### Stored data
★ ★ ★ ★ ★ ★ ★

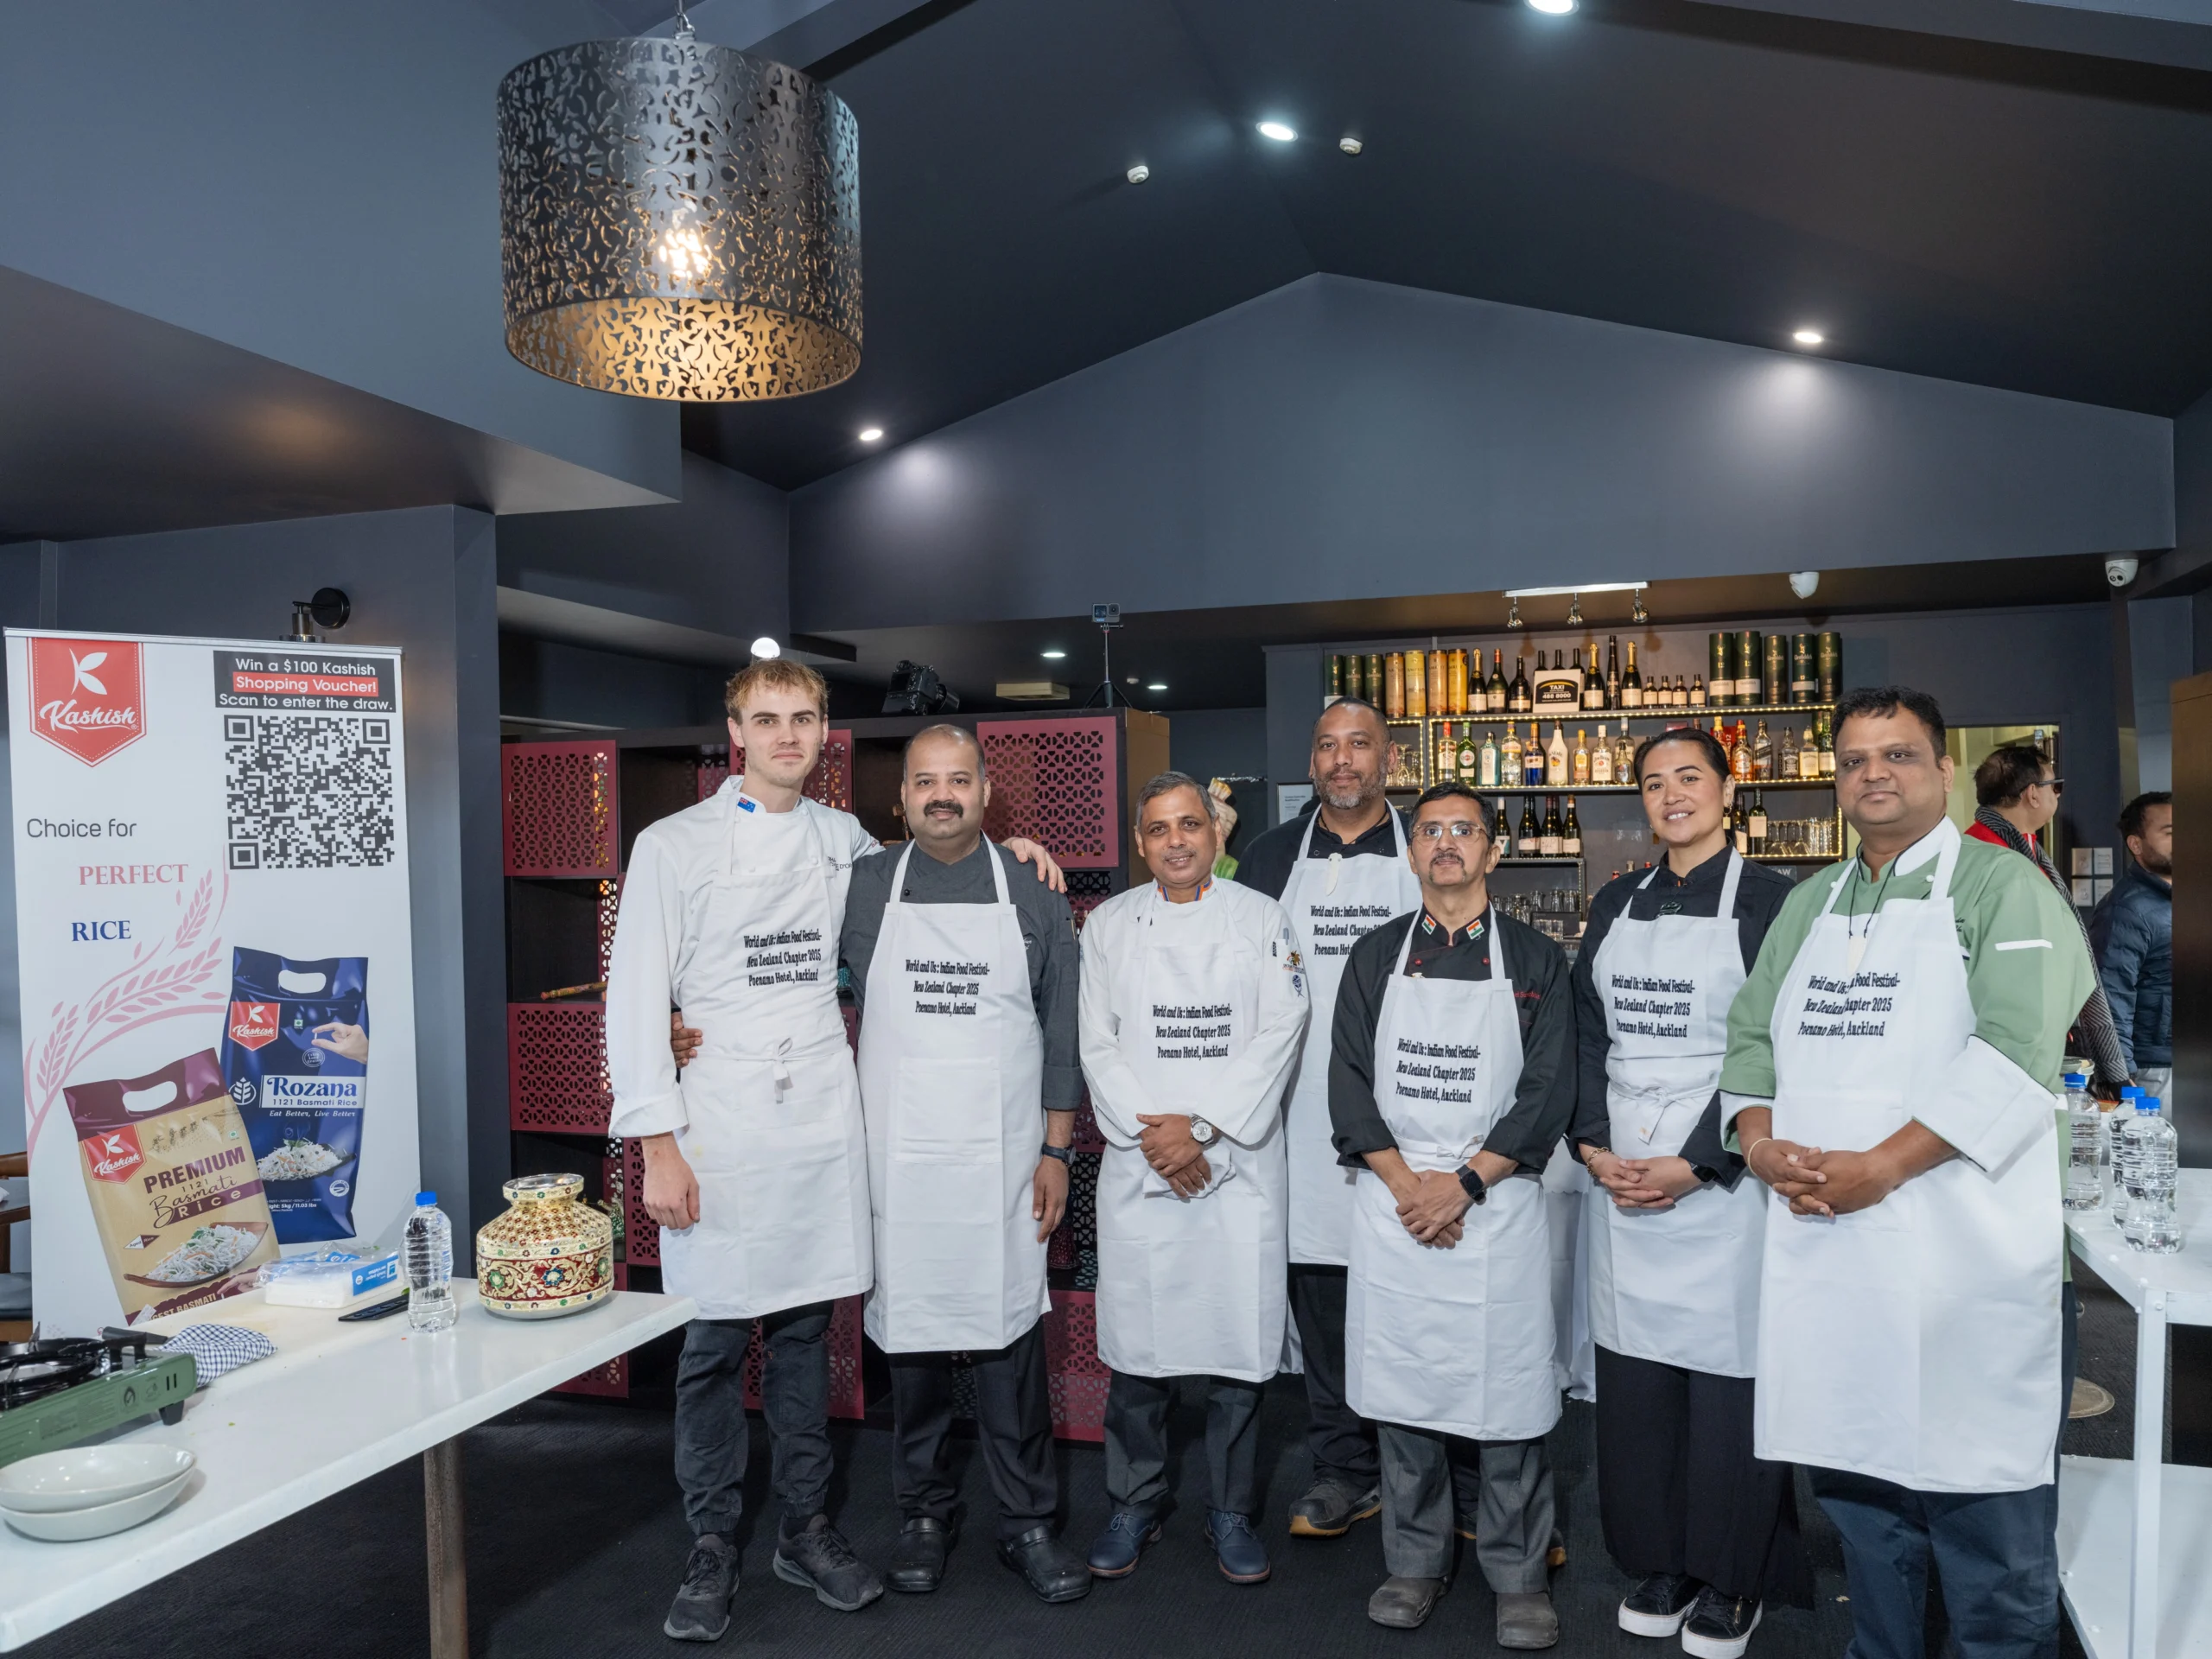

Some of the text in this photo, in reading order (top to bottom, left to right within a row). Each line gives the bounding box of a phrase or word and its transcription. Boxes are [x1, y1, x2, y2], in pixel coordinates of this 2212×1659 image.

[235, 658, 376, 676] Win a $100 Kashish
[236, 676, 377, 693] Shopping Voucher!
[219, 693, 393, 710] Scan to enter the draw.
[39, 699, 137, 734] Kashish
[27, 818, 137, 838] Choice for
[79, 863, 189, 886] PERFECT
[1311, 906, 1325, 917] World
[1325, 907, 1335, 917] and
[1359, 906, 1371, 918] Food
[71, 920, 131, 942] RICE
[744, 935, 760, 949] World
[760, 935, 770, 948] and
[791, 930, 803, 944] Food
[1313, 925, 1325, 937] New
[1325, 925, 1349, 937] Zealand
[747, 949, 822, 969] New Zealand Chapter 2025
[1314, 944, 1339, 956] Poenamo
[906, 959, 920, 973] World
[920, 961, 930, 974] and
[957, 963, 969, 976] Food
[749, 969, 819, 987] Poenamo Hotel, Auckland
[1611, 975, 1624, 989] World
[1624, 976, 1633, 990] and
[1658, 979, 1671, 993] Food
[1808, 976, 1827, 990] World
[1825, 981, 1840, 993] and
[1855, 972, 1872, 988] Food
[913, 981, 980, 998] New Zealand Chapter 2025
[915, 1001, 977, 1018] Poenamo Hotel, Auckland
[1153, 1005, 1167, 1018] World
[1166, 1007, 1177, 1019] and
[1202, 1006, 1214, 1019] Food
[1614, 997, 1691, 1019] New Zealand Chapter 2025
[1803, 999, 1818, 1013] New
[1872, 997, 1893, 1013] 2025
[232, 1024, 275, 1039] Kashish
[1155, 1024, 1231, 1041] New Zealand Chapter 2025
[1637, 1022, 1656, 1039] Hotel,
[1656, 1023, 1688, 1038] Auckland
[1798, 1021, 1827, 1036] Poenamo
[1847, 1021, 1885, 1037] Auckland
[1158, 1045, 1229, 1061] Poenamo Hotel, Auckland
[1397, 1039, 1411, 1053] World
[1410, 1042, 1419, 1055] and
[1445, 1046, 1458, 1058] Food
[1396, 1060, 1476, 1084] New Zealand Chapter 2025
[266, 1077, 357, 1097] Rozana
[1396, 1082, 1472, 1103] Poenamo Hotel, Auckland
[94, 1153, 141, 1176] Kashish
[143, 1147, 246, 1194] PREMIUM
[181, 1179, 209, 1192] 1121
[149, 1175, 237, 1228] Basmati
[176, 1293, 217, 1313] BASMATI
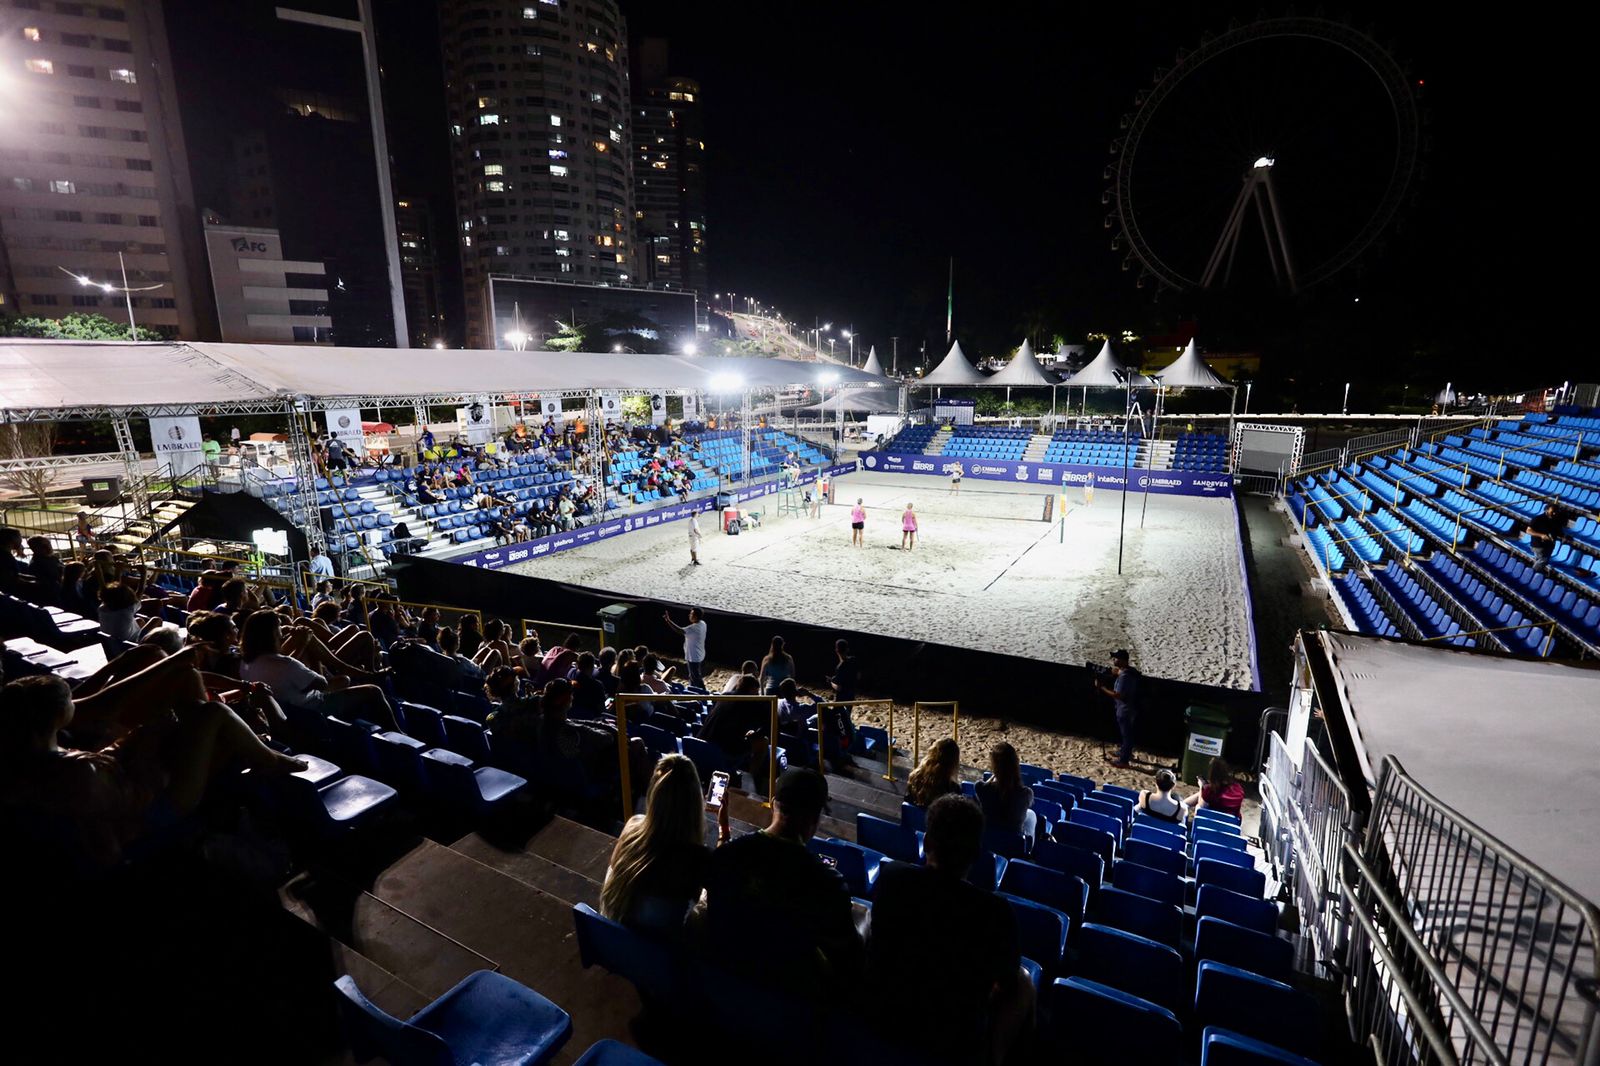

★ ★ ★ ★ ★ ★ ★

### Exercise
The records above need retyping in full. Omit the pictures, and change nothing else.

### Answer to this problem
Some of the text in this photo, in reading order (top to bottom, left to right within a row). Each line gives the bounding box of a phrase or word and its transcription. Boxes are [x1, y1, x2, y2], in pixel coordinates of this 2212×1659 image.

[235, 658, 376, 676] Win a $100 Kashish
[236, 676, 377, 693] Shopping Voucher!
[219, 693, 393, 710] Scan to enter the draw.
[39, 699, 137, 734] Kashish
[27, 818, 137, 838] Choice for
[79, 863, 189, 886] PERFECT
[1311, 906, 1325, 917] World
[1325, 907, 1335, 917] and
[1359, 906, 1371, 918] Food
[71, 920, 131, 942] RICE
[744, 935, 760, 949] World
[760, 935, 770, 948] and
[791, 930, 803, 944] Food
[1313, 925, 1325, 937] New
[1325, 925, 1349, 937] Zealand
[747, 949, 822, 969] New Zealand Chapter 2025
[1314, 944, 1339, 956] Poenamo
[906, 959, 920, 973] World
[920, 961, 930, 974] and
[957, 963, 969, 976] Food
[749, 969, 819, 987] Poenamo Hotel, Auckland
[1611, 975, 1624, 989] World
[1624, 976, 1633, 990] and
[1658, 979, 1671, 993] Food
[1808, 976, 1827, 990] World
[1825, 981, 1840, 993] and
[1855, 972, 1872, 988] Food
[913, 981, 980, 998] New Zealand Chapter 2025
[915, 1001, 977, 1018] Poenamo Hotel, Auckland
[1153, 1005, 1167, 1018] World
[1166, 1007, 1177, 1019] and
[1202, 1006, 1214, 1019] Food
[1614, 997, 1691, 1019] New Zealand Chapter 2025
[1803, 999, 1818, 1013] New
[1872, 997, 1893, 1013] 2025
[232, 1024, 275, 1039] Kashish
[1155, 1024, 1231, 1041] New Zealand Chapter 2025
[1637, 1022, 1656, 1039] Hotel,
[1656, 1023, 1688, 1038] Auckland
[1798, 1021, 1827, 1036] Poenamo
[1847, 1021, 1885, 1037] Auckland
[1158, 1045, 1229, 1061] Poenamo Hotel, Auckland
[1397, 1039, 1411, 1053] World
[1410, 1042, 1419, 1055] and
[1445, 1046, 1458, 1058] Food
[1396, 1060, 1476, 1084] New Zealand Chapter 2025
[266, 1077, 357, 1097] Rozana
[1396, 1082, 1472, 1103] Poenamo Hotel, Auckland
[94, 1153, 141, 1176] Kashish
[143, 1147, 246, 1194] PREMIUM
[181, 1179, 209, 1192] 1121
[149, 1175, 237, 1228] Basmati
[176, 1293, 217, 1313] BASMATI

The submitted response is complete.